Le decía que este artículo es una despedida y ahora me explico: el 2014 fue la última vez que mi papá no estuvo severamente enfermo. Nos tocó despedirnos de la salud de hierro de papi, y abrazarlo en su fragilidad de hombre mayor y enfermo, con todos los miedos del caso: la temida llamada en medio de la noche que nos aterra, el dolor de varias amigas cercanas que han dado el adiós a sus papás en los últimos meses, la certeza, como un balde de agua fría, de que nadie es para siempre.

Como una de esas certezas se nos escapó de las manos un pequeño anhelo que durante varias semanas me hizo el honor de habitarme el cuerpo. El deseo más profundo que he conocido hasta ahora, el de ser en la vida la mitad de buena mamá que la mía, quiso palpitar y se arrepintió en el intento.

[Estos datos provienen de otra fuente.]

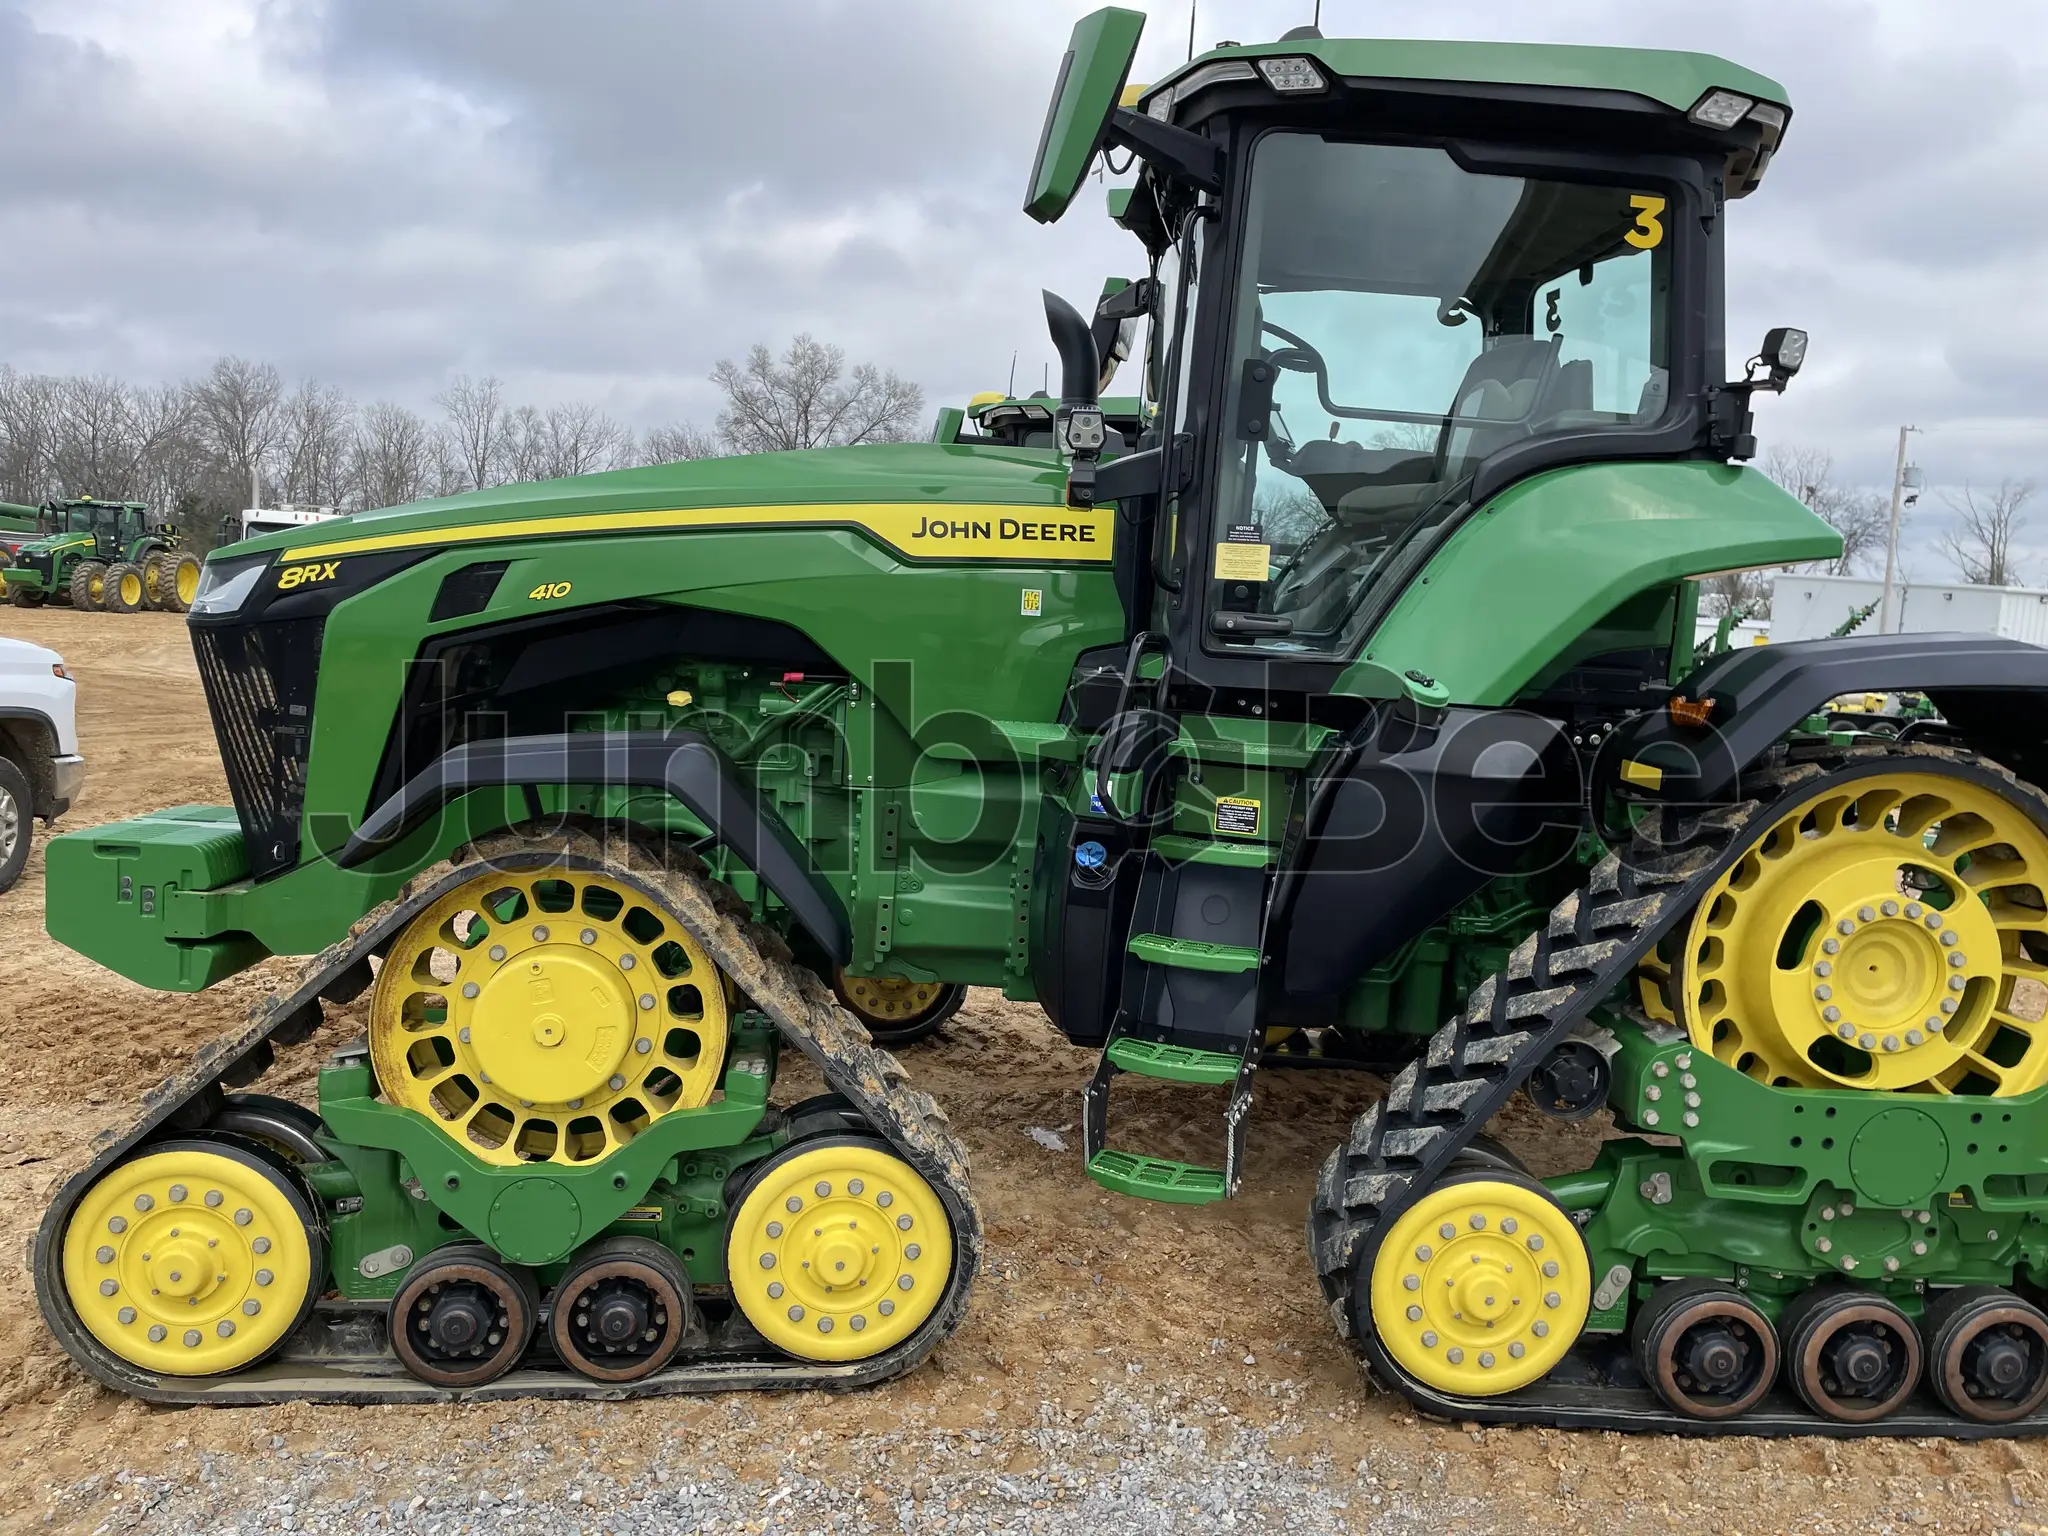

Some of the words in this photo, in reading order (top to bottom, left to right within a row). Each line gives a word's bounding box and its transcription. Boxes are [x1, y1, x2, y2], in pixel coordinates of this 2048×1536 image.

[1624, 195, 1666, 249] 3
[912, 517, 991, 539] JOHN
[999, 518, 1096, 542] DEERE
[278, 561, 342, 589] 8RX
[528, 581, 572, 601] 410
[1024, 591, 1040, 601] AG
[1024, 600, 1040, 610] UP
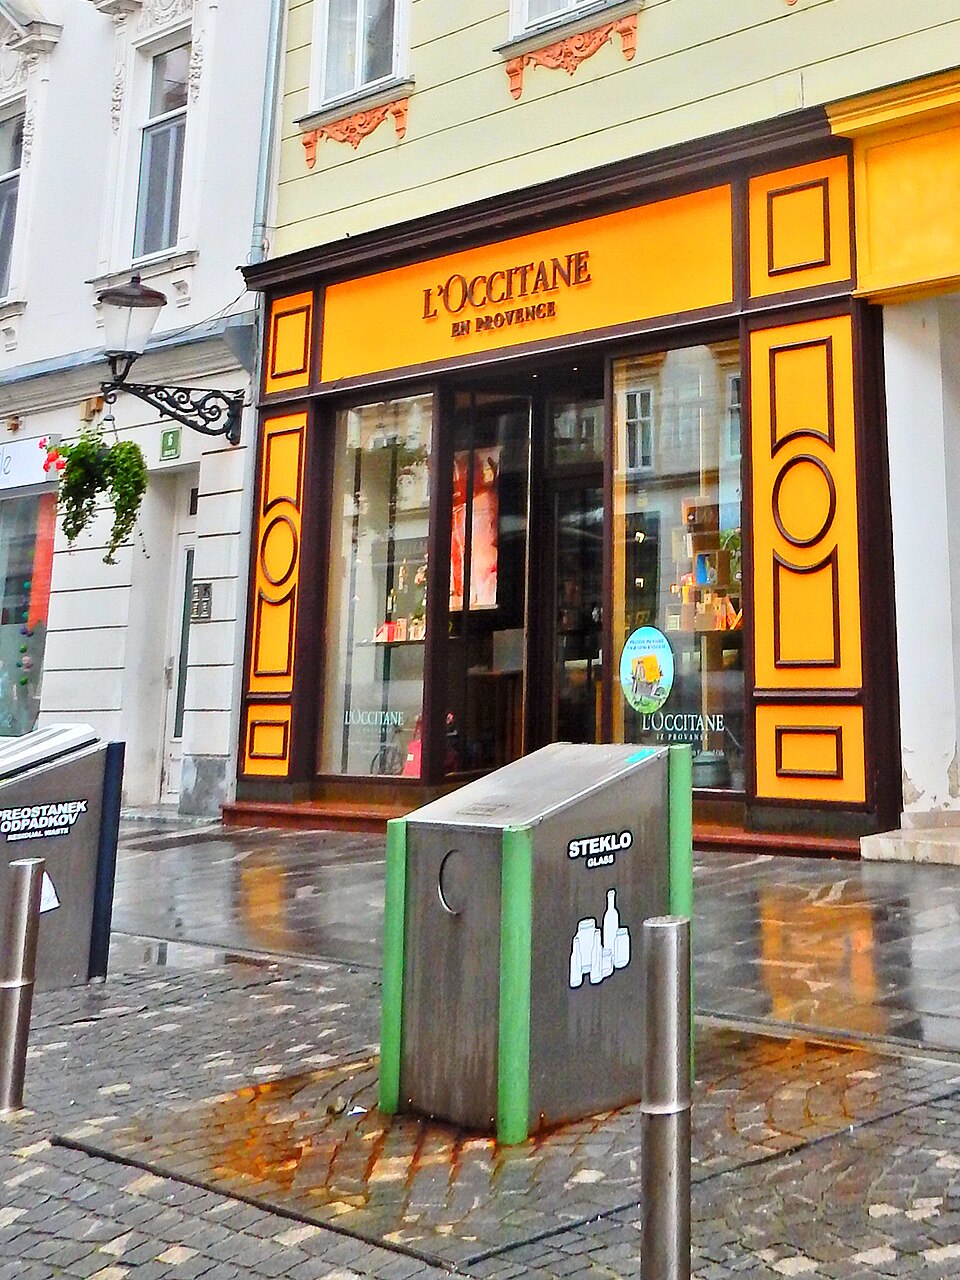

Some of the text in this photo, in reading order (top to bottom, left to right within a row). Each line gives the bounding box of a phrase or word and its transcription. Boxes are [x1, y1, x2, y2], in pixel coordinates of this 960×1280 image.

[421, 250, 593, 320] L'OCCITANE
[451, 301, 556, 338] EN PROVENCE
[344, 707, 404, 726] L'OCCITANE
[642, 711, 725, 731] L'OCCITANE
[0, 812, 79, 833] ODPADKOV
[569, 832, 632, 858] STEKLO
[587, 854, 614, 868] GLASS

Este rayito de sol que nos calentó el alma durante un par de meses nos ha juntado, a mi esposo y a mí, en un círculo de ternura que no se acaba, acompañados en lo más íntimo de nuestra tristeza por la seguridad de que el peor intento es el que no se hace y de que la vida tiene grandes cosas para nosotros esperando a la vuelta de la esquina.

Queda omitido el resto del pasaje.